Grande parte das construtoras acredita ter total controle das obras. A prova está numa pergunta simples, feita numa terça-feira qualquer:

Quanto já custou a obra “x” até hoje, e quanto dela está pronta?

Se a resposta exige ligar para o engenheiro, abrir três planilhas ou esperar até quinta, não existe controle. Existe apuração, que é outra coisa. E geralmente chega tarde demais.

Um levantamento da Universidade Federal de Santa Maria, publicado na Revista Produção Online com 100 construtoras, encontrou média de 6,52% de estouro de orçamento e 21,26% de estouro de cronograma. Não é falta de competência técnica. É informação que chega depois que a decisão já foi tomada.

O que é controle de obras

Controle de obras é o processo de comparar continuamente o planejado com o executado em cada frente do empreendimento, e agir sobre a diferença. Três palavras carregam o peso: continuidade, comparação e ação.

Continuidade exclui o fechamento mensal como única fonte. Um desvio descoberto trinta dias depois já contaminou as frentes seguintes.

Comparação exige uma referência congelada. Sem orçamento e cronograma aprovados, não existe contra o que medir, e qualquer número vira opinião.

Ação é o que separa controle de relatório. Dado que ninguém usa para decidir é custo administrativo, não gestão.

As 6 frentes do controle de obras

Controle de obras não é uma atividade, são seis. Elas se alimentam entre si, e a que estiver mais frágil determina a qualidade do conjunto.

1. Prazo

Começa com um cronograma de obras bem dimensionado e vira controle de verdade quando alguém compara avanço previsto com realizado toda semana. A curva S é a ferramenta dessa comparação: ela transforma pontos percentuais de desvio em meses de atraso projetado, ainda durante a execução da obra.

Pergunta de controle: qual o percentual de avanço acumulado hoje, e quanto ele deveria ser?

2. Custo

Sai do orçamento de obra e depende de apropriação por serviço, não só por plano de contas.
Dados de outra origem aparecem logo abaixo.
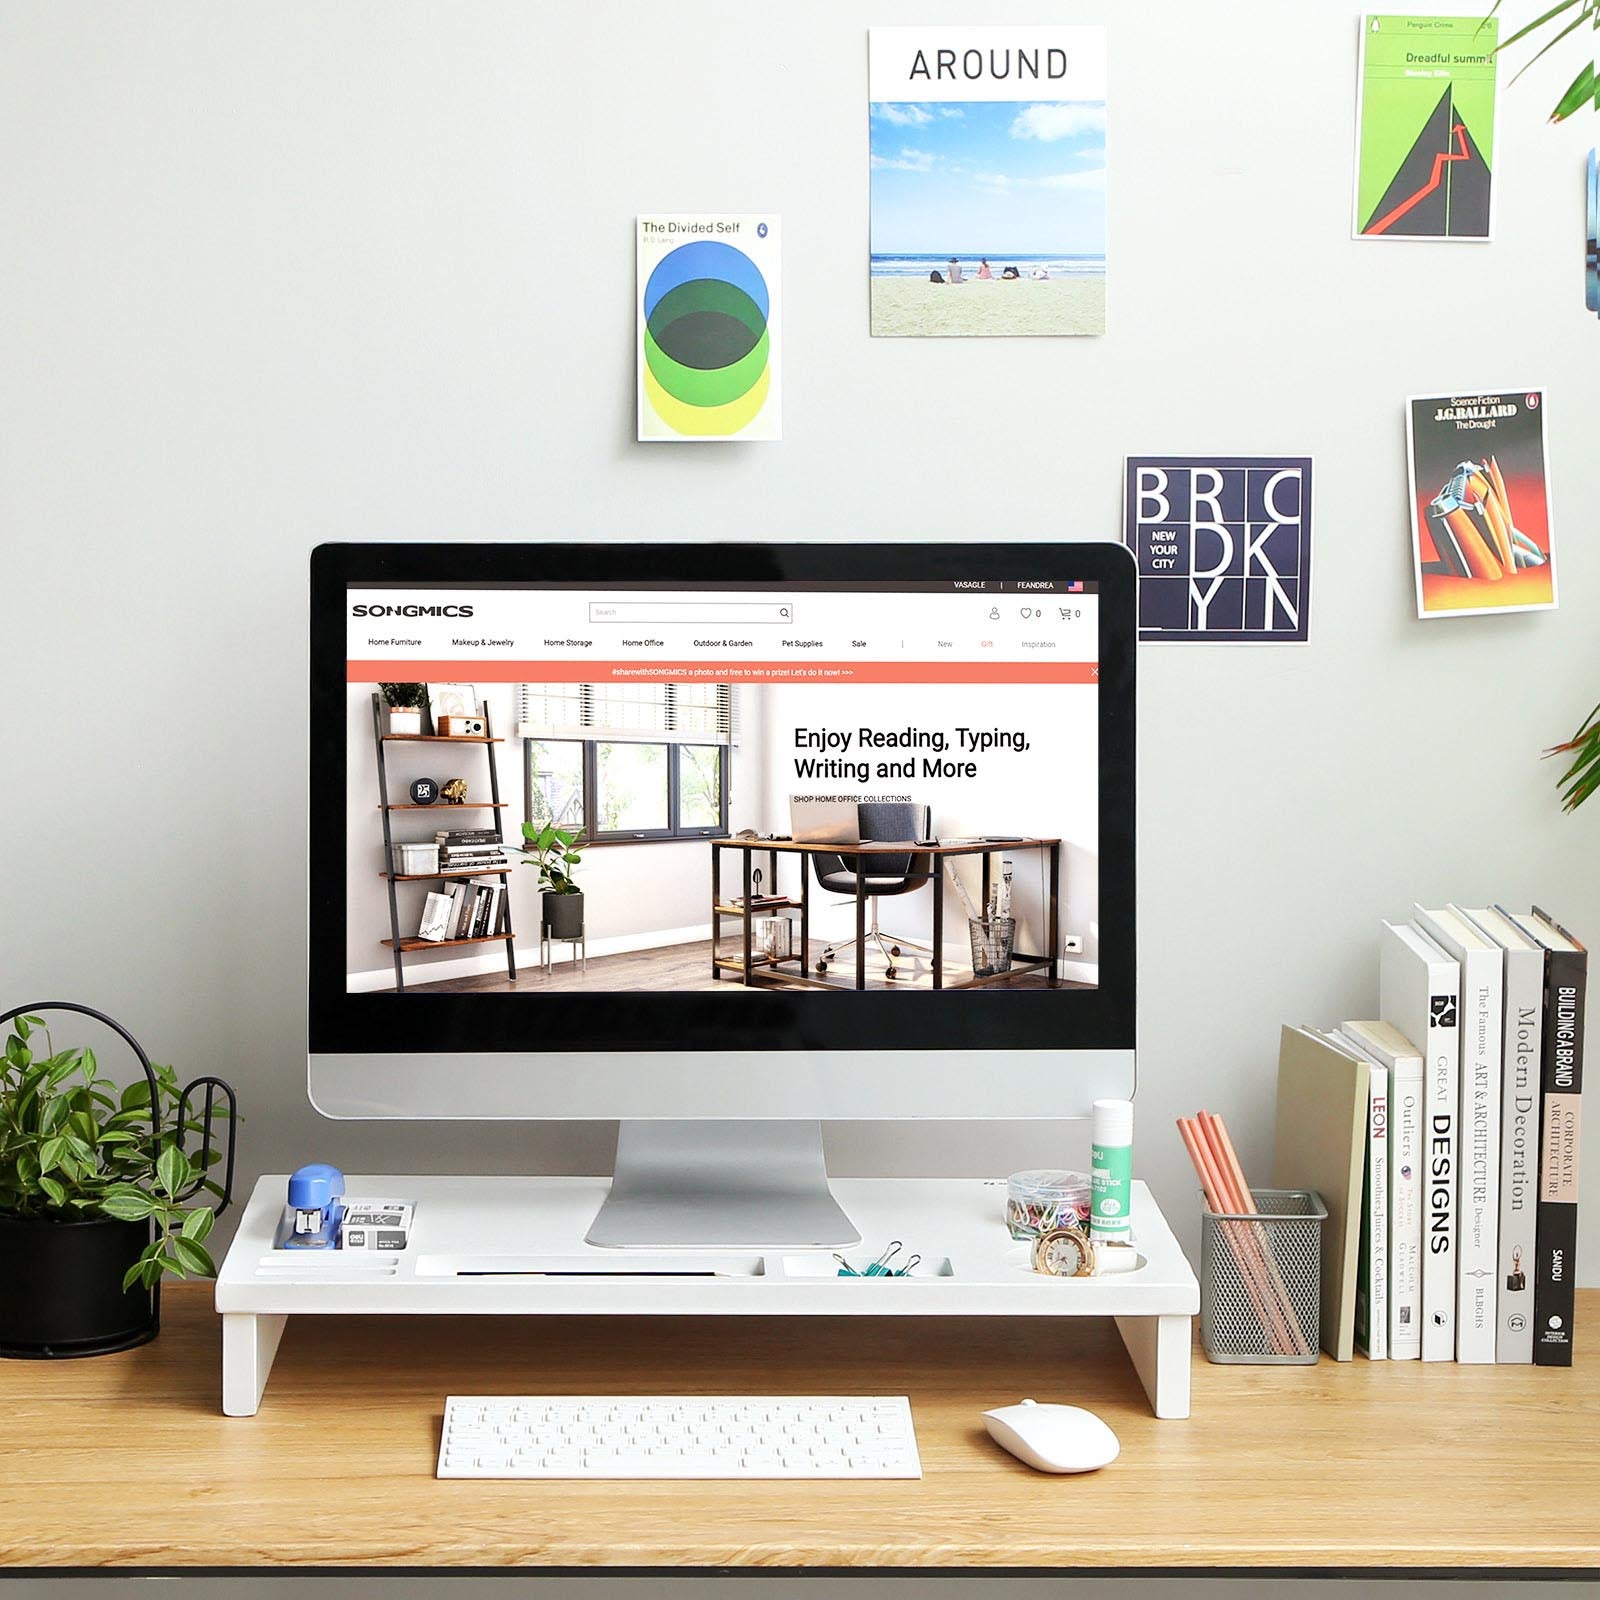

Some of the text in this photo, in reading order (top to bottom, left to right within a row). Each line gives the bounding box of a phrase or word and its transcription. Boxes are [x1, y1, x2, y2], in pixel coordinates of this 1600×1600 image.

[909, 48, 1068, 80] AROUND
[1406, 53, 1492, 64] Dreadful summ
[643, 222, 740, 233] The Divided Self
[1450, 396, 1501, 406] Science Fiction
[1455, 419, 1496, 430] The Drought
[1152, 531, 1176, 541] NEW
[1150, 544, 1178, 555] YOUR
[1152, 558, 1175, 569] CITY
[954, 581, 1054, 589] VASAGLE FEANDREA
[352, 604, 474, 618] SONGMICS
[595, 608, 617, 616] Search
[1035, 609, 1042, 618] 0
[1075, 609, 1081, 618] 0
[391, 638, 422, 646] Furniture
[452, 639, 479, 648] Makeup
[487, 639, 514, 648] Jewelry
[566, 639, 593, 648] Storage
[622, 639, 664, 647] Home Office
[793, 640, 823, 649] Supplies
[1021, 640, 1056, 649] Inspiration
[612, 668, 687, 677] #sharewithSONGMICS
[694, 668, 714, 678] photo
[715, 668, 728, 676] and
[729, 668, 743, 676] free
[744, 668, 751, 676] to
[752, 668, 765, 676] win
[771, 668, 790, 678] prize!
[791, 668, 806, 676] Let's
[807, 668, 816, 676] do
[824, 668, 840, 676] now!
[794, 727, 1031, 753] Enjoy Reading, Typing,
[794, 757, 977, 783] Writing and More
[793, 795, 912, 803] SHOP HOME OFFICE COLLECTIONS
[1437, 1056, 1447, 1102] GREAT
[1511, 1007, 1536, 1211] Modern Decoration
[1373, 1097, 1386, 1138] LEON
[1473, 986, 1489, 1248] The Famous ART & ARCHITECTURE Designer
[1402, 1096, 1415, 1157] Outliers
[1548, 1101, 1562, 1198] ARCHITECTURE
[1562, 1111, 1575, 1186] CORPORATE
[1431, 1115, 1451, 1254] DESIGNS
[1374, 1246, 1384, 1254] &
[1551, 1249, 1564, 1281] SANDU
[1374, 1257, 1385, 1304] Cocktails
[1475, 1288, 1484, 1329] BLBGHS
O controle de custos só funciona quando cada nota tem obra e etapa identificadas desde o momento do lançamento.

Pergunta de controle: o custo acumulado desta etapa está dentro do orçado, e quanto sobra até o fim dela?

3. Material

Falta de material para a obra, excesso imobiliza capital e ocupa canteiro. O controle de estoque de materiais resolve isso amarrando a compra ao cronograma, e a curva ABC define onde vale gastar atenção: poucos insumos concentram a maior parte do custo.

Pergunta de controle: o que está previsto entrar nas próximas três semanas, e já foi comprado?

4. Equipe e subcontratados

Envolve dimensionamento próprio e controle de terceiros. A rotatividade de mão de obra cobra um preço que não aparece na folha, e a gestão de subcontratados é onde a margem escapa mais rápido, porque o desvio chega junto com a fatura.

Pergunta de controle: o efetivo em campo bate com o que o cronograma exige para esta semana?

5. Qualidade

Vai da inspeção em campo ao pós-obra. Critério de aceitação escrito por serviço, tratamento de não conformidade e retorno da assistência técnica alimentando a próxima obra. Para quem busca certificação, o PBQP-H transforma boa parte disso em requisito auditável.

Pergunta de controle: quem inspecionou este serviço, quando, e com qual critério?

6. Documentação

É a frente mais ignorada e a que mais custa quando falta. O diário de obras registra o que aconteceu, o boletim de medição comprova o que foi executado, e os dois juntos protegem a empresa quando o atraso vira disputa contratual.

Pergunta de controle: se alguém pedir a evidência de um serviço de seis meses atrás, ela está acessível?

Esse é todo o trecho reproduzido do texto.